Caldwell unleashes his full Scottish lilt on the touchline (Pete Norton/Getty Images)
Aggressive accent-based red cards? This is a first. If all referees adopt this strategy, what does it mean for the future of football? Well, all Scottish people need to keep quiet, clearly. Cockneys should probably start talking in sign language.
And Sean Dyche might need to stick to media work.
Social media corner
Club-to-club banter of the week comes from Barrow.
A really tough one to take, we’ll do our best to go again on Saturday… 😩#WeAreBarrow https://t.co/mooD7Zs6eR pic.twitter.com/H5rrqzt9h9
— Barrow AFC (@BarrowAFC) March 26, 2025
Gaming-based joke of the week comes courtesy of Jacob.
PlayStation button scoring for Scotland https://t.co/KQKDr39P5o
— Jacob (@Jsize18) March 25, 2025
Ainsworth buys in
And we end this week with Gareth Ainsworth, who has jumped ship from Shrewsbury Town, currently bottom of League One and 14 points adrift of safety.
Ainsworth only joined Shrewsbury four months ago, back in November.
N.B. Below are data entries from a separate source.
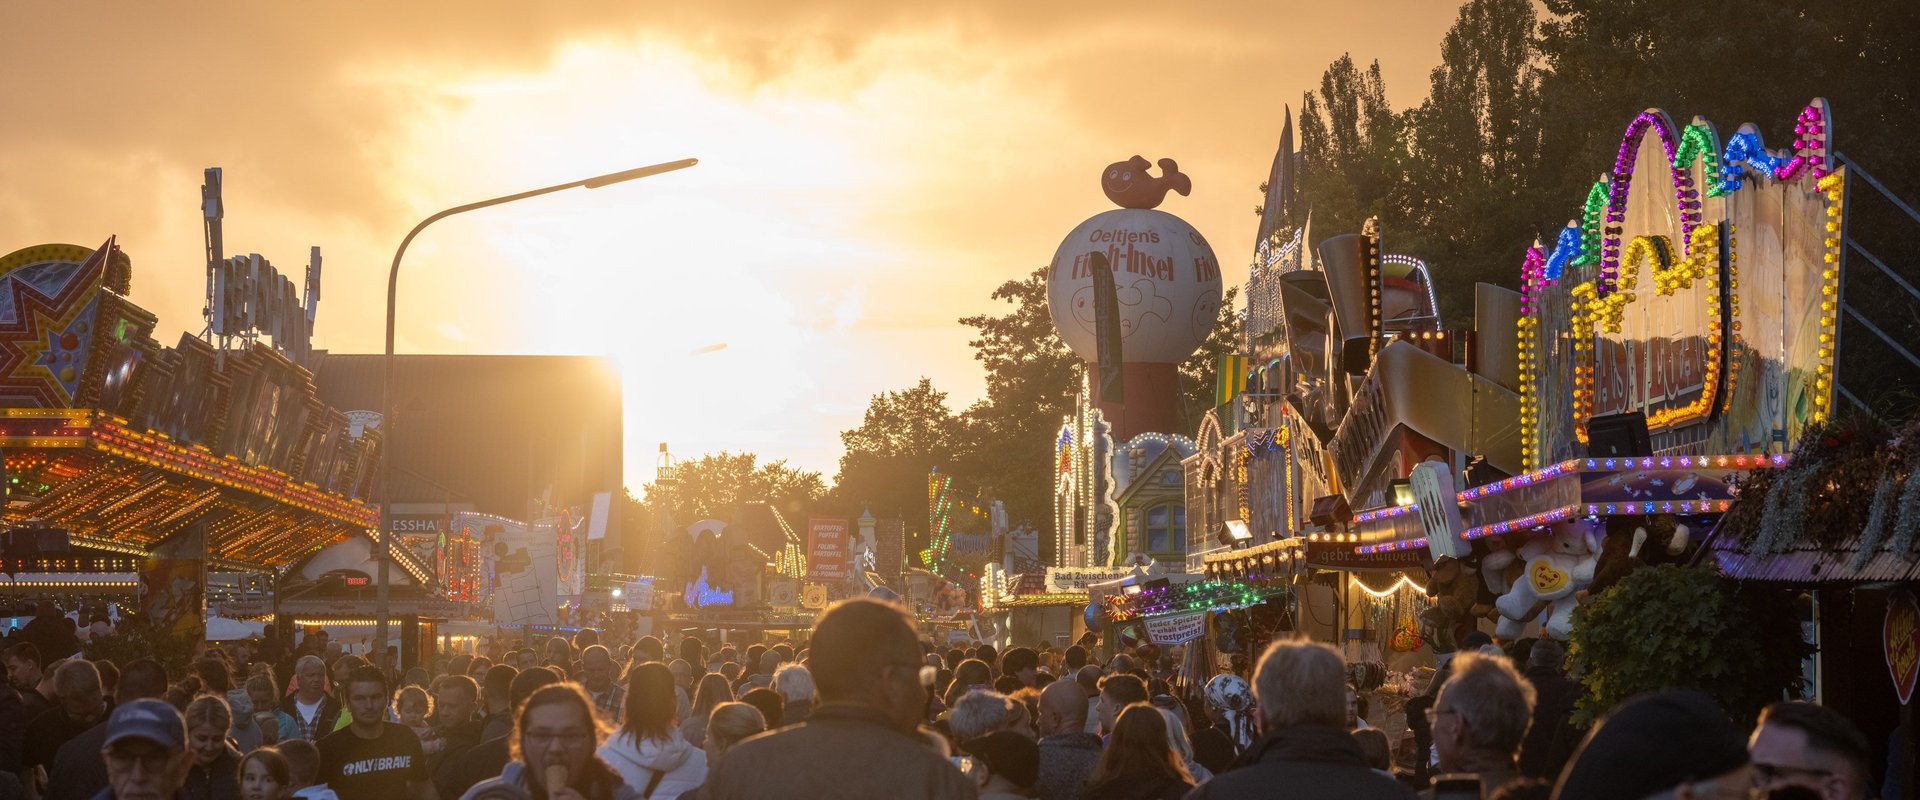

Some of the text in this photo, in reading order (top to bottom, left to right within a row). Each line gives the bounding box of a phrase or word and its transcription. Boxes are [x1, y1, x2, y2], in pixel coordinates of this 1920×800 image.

[1071, 243, 1175, 281] Fish-Insel
[813, 550, 842, 558] KARTOFFEL
[1054, 572, 1072, 580] Bad
[1149, 614, 1202, 628] Jeder Spieler
[1153, 626, 1201, 641] Trostpreis!
[1157, 623, 1195, 634] erhält einen
[378, 755, 412, 771] BRAVE
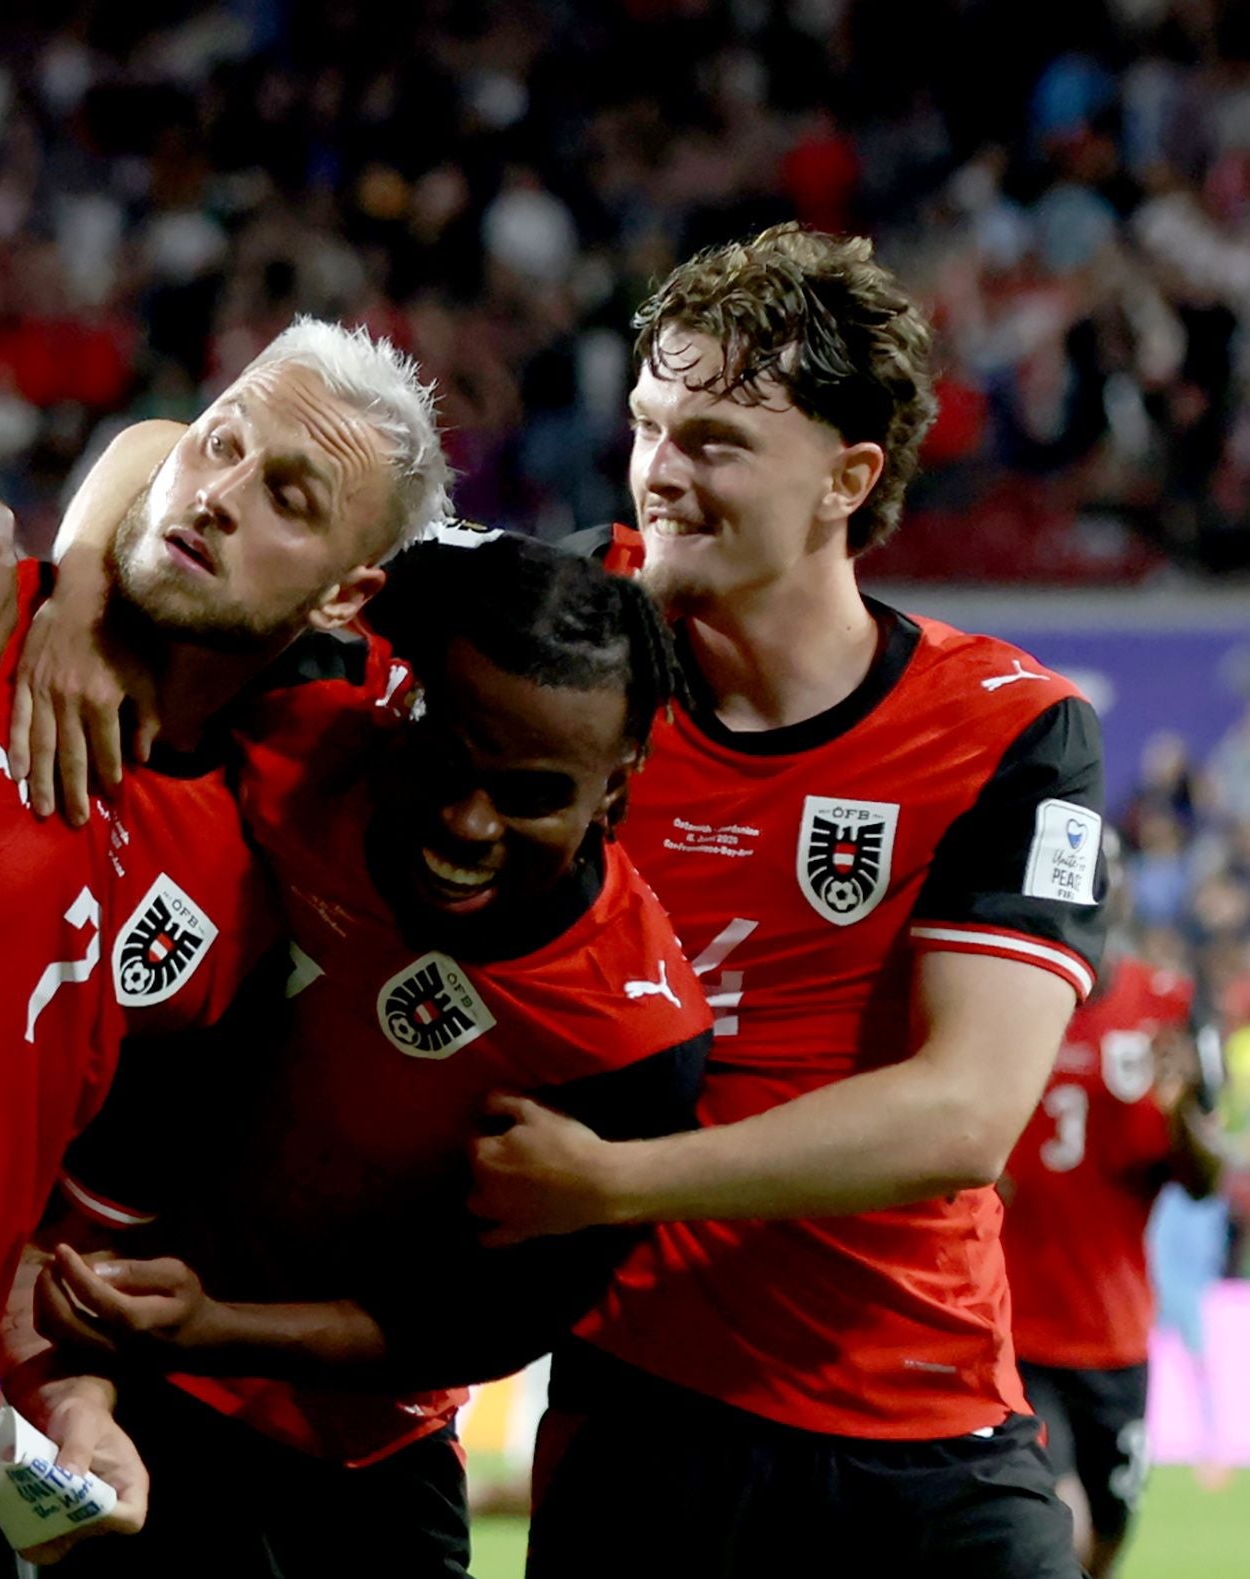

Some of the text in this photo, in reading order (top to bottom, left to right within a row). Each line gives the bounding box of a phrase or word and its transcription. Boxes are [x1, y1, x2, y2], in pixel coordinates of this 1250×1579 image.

[832, 806, 870, 820] ÖFB
[24, 885, 101, 1043] 7
[1040, 1083, 1089, 1172] 3
For no particular reason, here’s what he said on the day he was unveiled: “I’ve signed an 18-month contract, I’m pleased to have signed that. I think anything less would have been not fair on Shrewsbury because I want buy-in.
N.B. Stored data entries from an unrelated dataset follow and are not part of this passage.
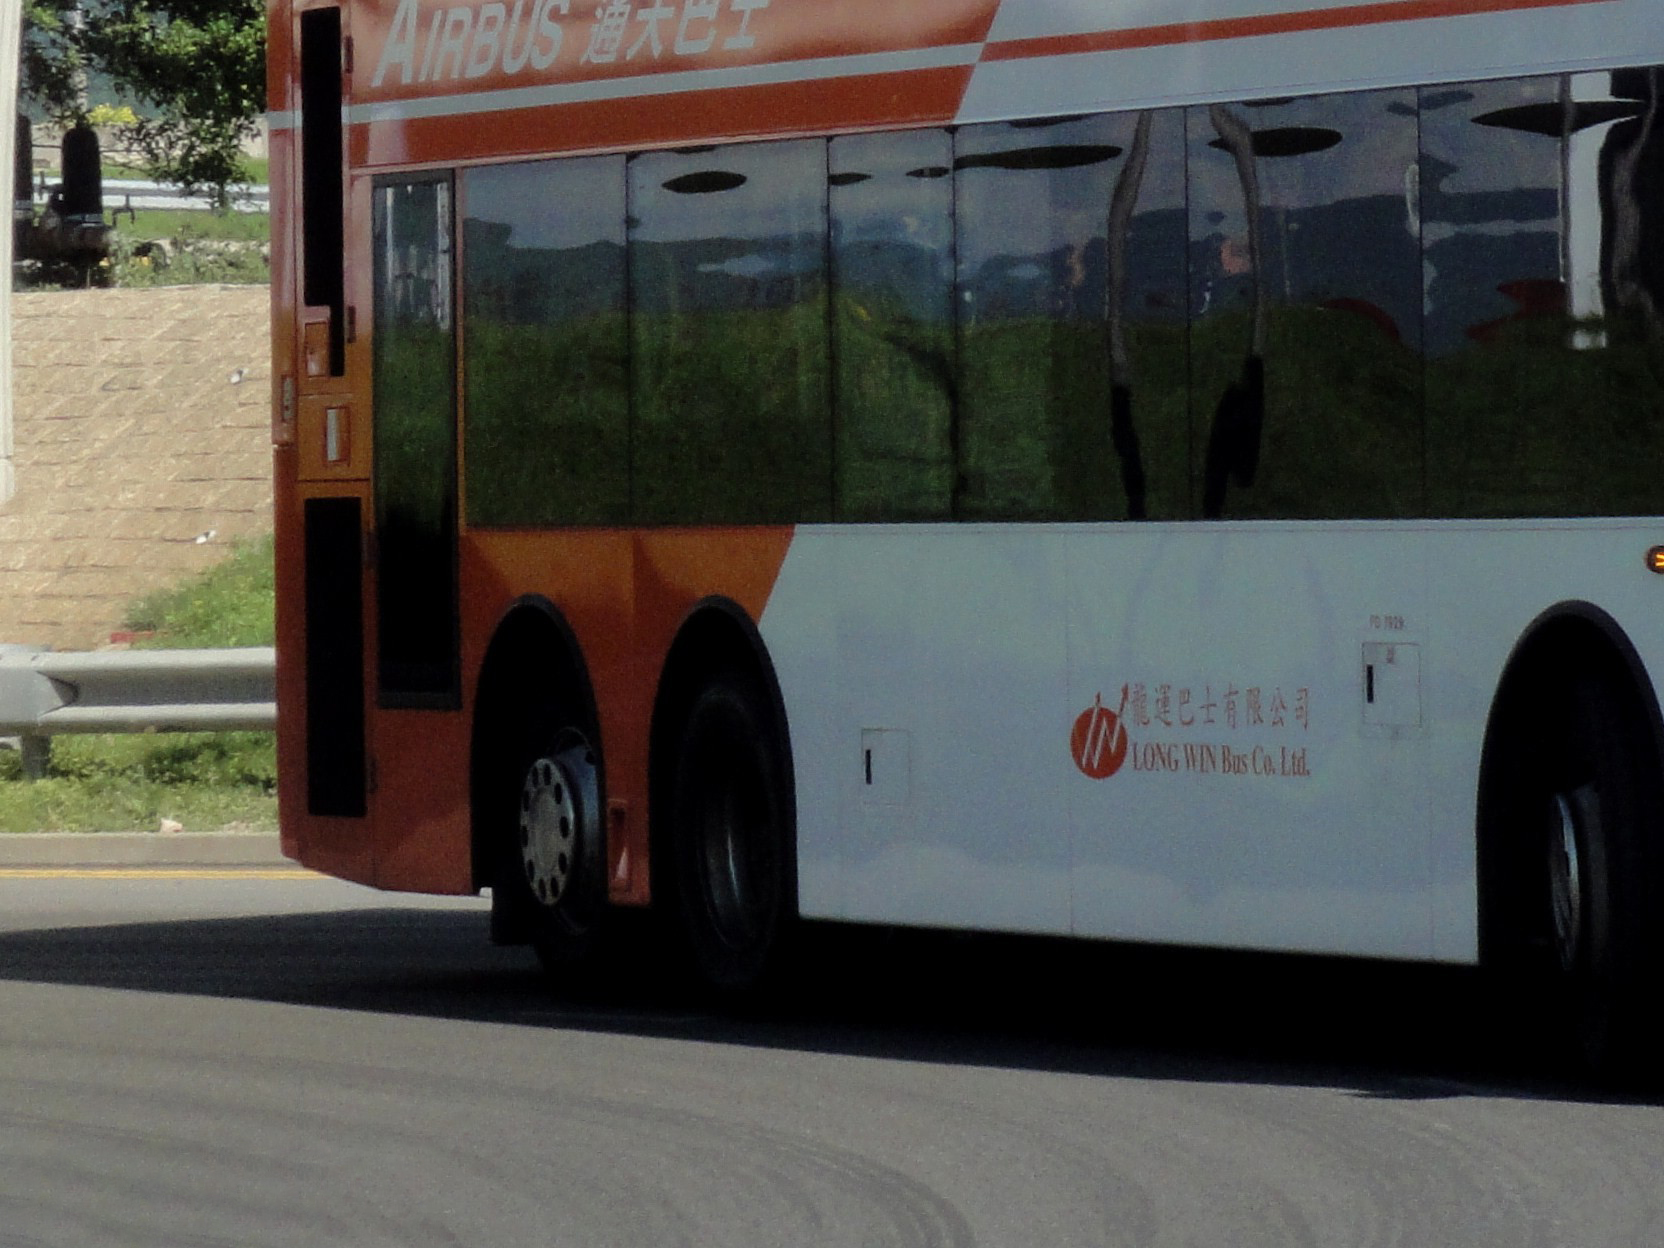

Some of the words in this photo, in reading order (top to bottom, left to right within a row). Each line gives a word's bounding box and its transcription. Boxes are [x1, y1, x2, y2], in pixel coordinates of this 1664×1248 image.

[1132, 682, 1310, 732] 龍運巴士有限公司
[1132, 741, 1180, 773] LONG
[1183, 742, 1217, 774] WIN
[1221, 743, 1249, 775] Bus
[1251, 744, 1277, 776] Co.
[1279, 745, 1311, 777] Ltd.
“We talk about culture, we talk about identity. You can’t get either of those without time. But I didn’t come here to manage in League Two, either. So you can obviously make your own mind up about what I’m trying to say there.”
Ainsworth, March 2o25: Joins Gillingham, 19th in League Two.
Make your own minds up, folks.
(Top photo: Anna Moneymaker/Getty Images)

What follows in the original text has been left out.